• [The data]:
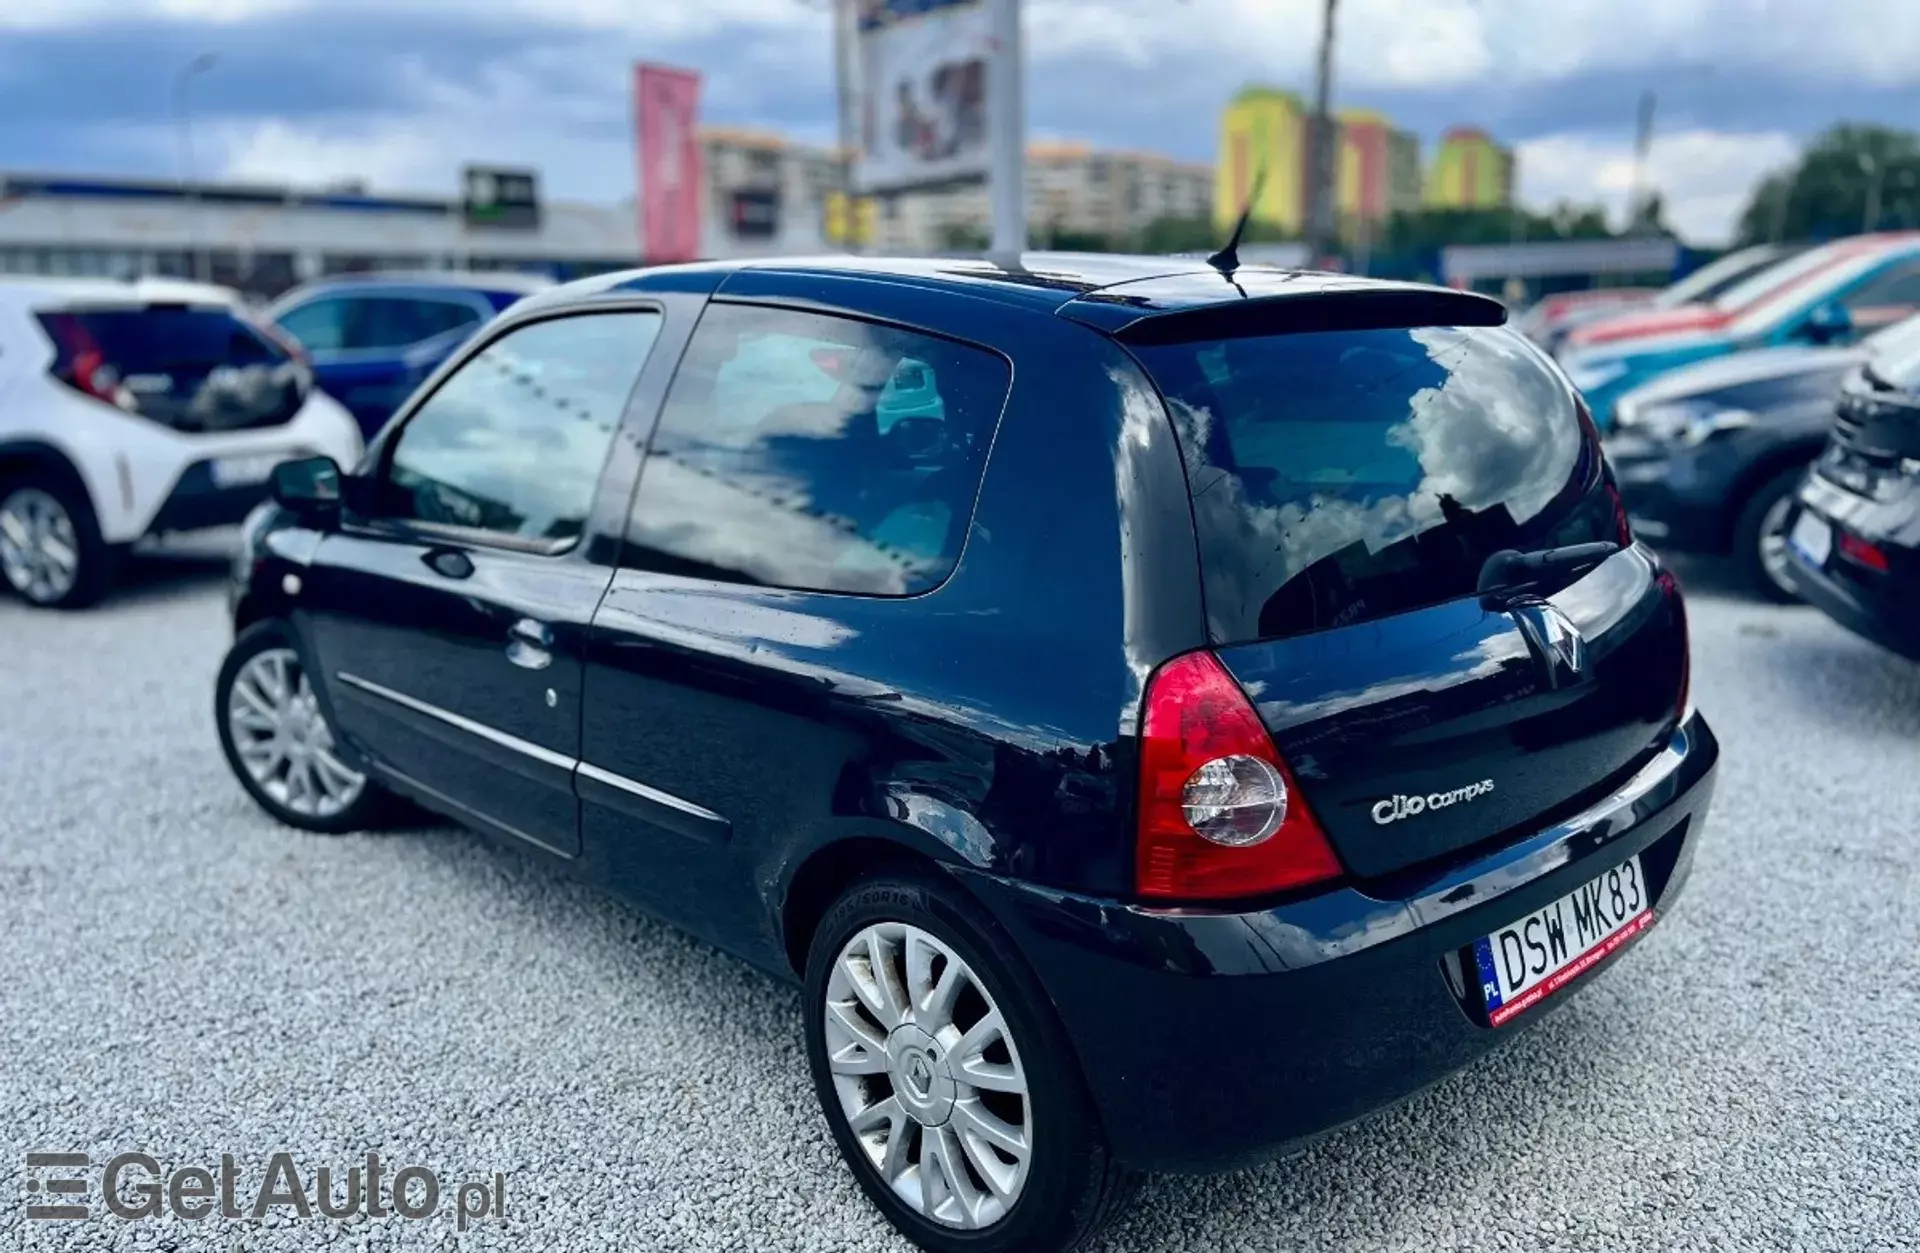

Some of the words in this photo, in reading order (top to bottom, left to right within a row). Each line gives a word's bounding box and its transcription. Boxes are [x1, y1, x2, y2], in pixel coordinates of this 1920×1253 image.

[1371, 794, 1425, 825] Clio
[1500, 902, 1568, 993] DSW
[1572, 861, 1640, 947] MK83
[1483, 983, 1499, 1001] PL
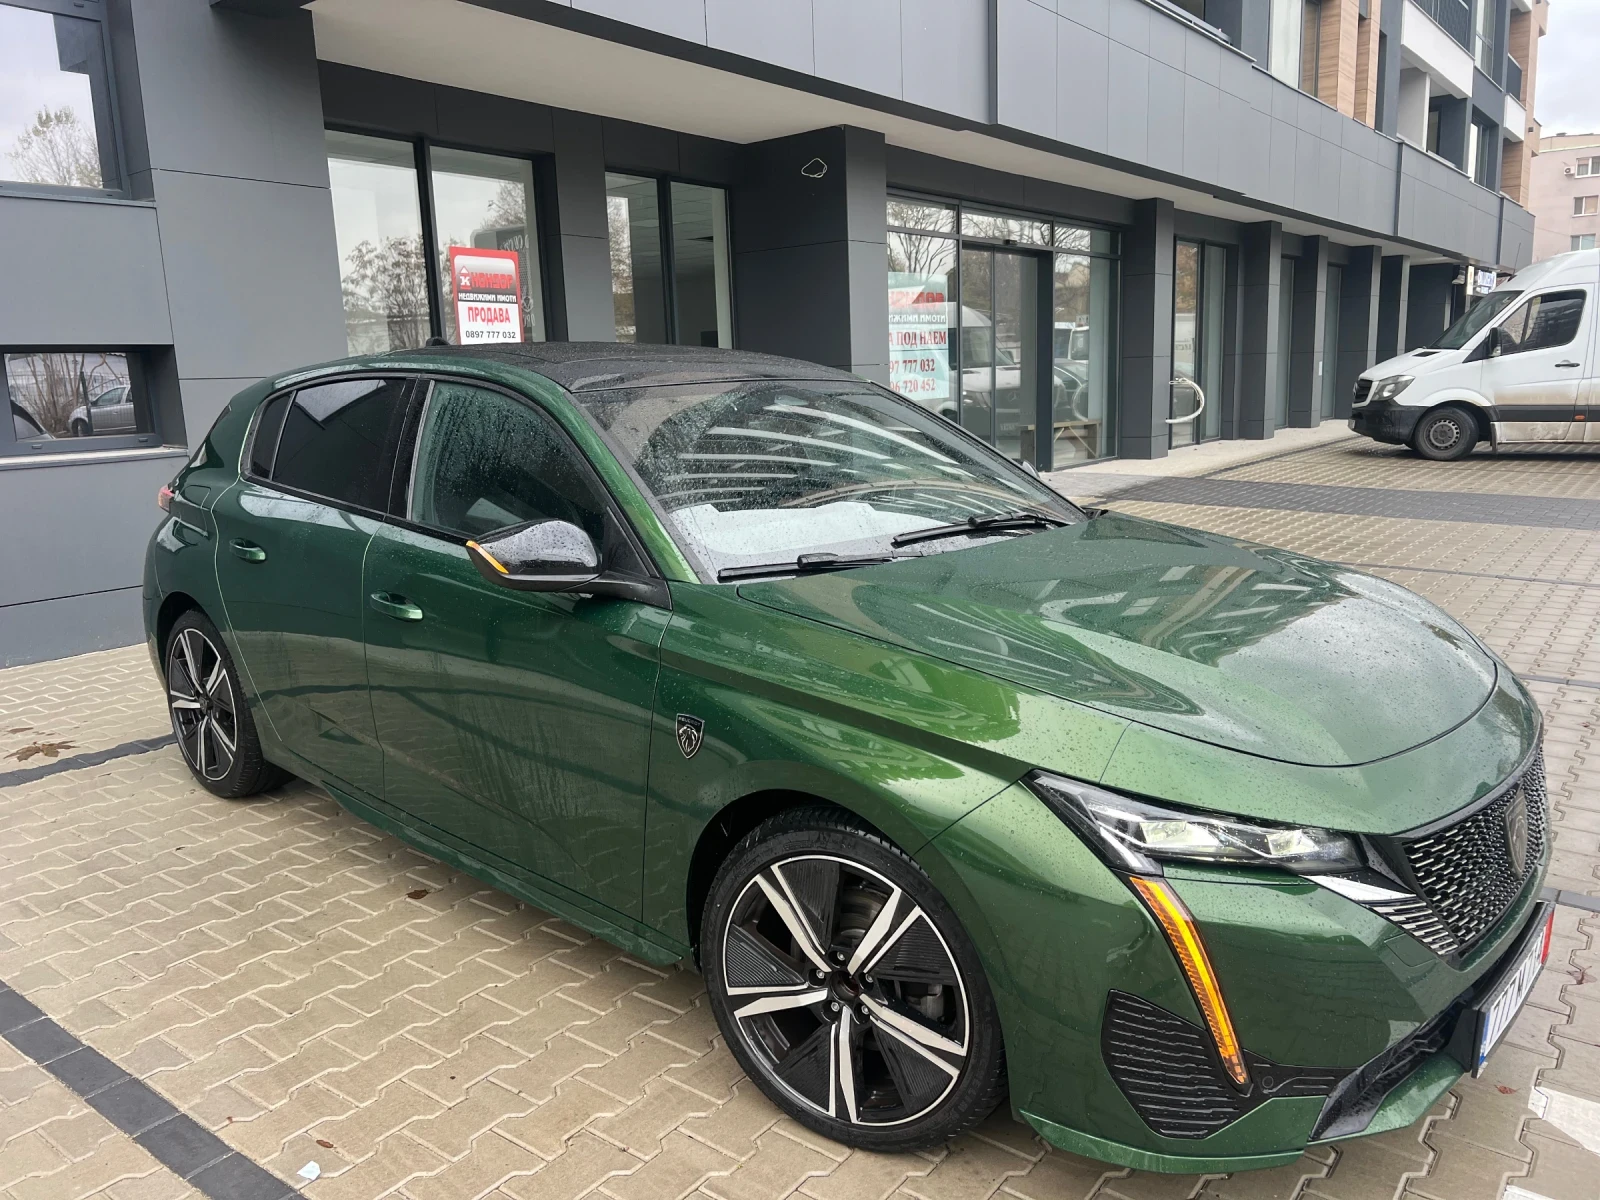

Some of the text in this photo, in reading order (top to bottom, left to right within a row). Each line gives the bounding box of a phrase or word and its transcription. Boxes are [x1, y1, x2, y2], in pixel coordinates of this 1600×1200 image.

[497, 294, 517, 303] ИМОТИ
[467, 307, 511, 325] ПРОДАВА
[920, 314, 946, 323] ИМОТИ
[465, 330, 516, 339] 0897 777 032
[896, 331, 918, 348] ПОД
[920, 331, 947, 345] НАЕМ
[902, 359, 918, 374] 777
[920, 359, 935, 372] 032
[903, 379, 919, 393] 720
[921, 378, 936, 391] 452

• [Your goal]: Could the listing above be printed again in full, with every picture omitted?

• [Problem solution]:
Some of the words in this photo, in reading order (top to bottom, left to right within a row). Each line gives a word's bounding box and its transcription. Boxes are [x1, y1, x2, y2], in pixel coordinates of this 1920×1253 image.

[1371, 794, 1425, 825] Clio
[1500, 902, 1568, 993] DSW
[1572, 861, 1640, 947] MK83
[1483, 983, 1499, 1001] PL

Some of the text in this photo, in reading order (top to bottom, left to right within a row). Each line gives the bounding box of a phrase or word and its transcription. Boxes are [x1, y1, x2, y2], in pixel coordinates of this 1600×1200 image.

[497, 294, 517, 303] ИМОТИ
[467, 307, 511, 325] ПРОДАВА
[920, 314, 946, 323] ИМОТИ
[465, 330, 516, 339] 0897 777 032
[896, 331, 918, 348] ПОД
[920, 331, 947, 345] НАЕМ
[902, 359, 918, 374] 777
[920, 359, 935, 372] 032
[903, 379, 919, 393] 720
[921, 378, 936, 391] 452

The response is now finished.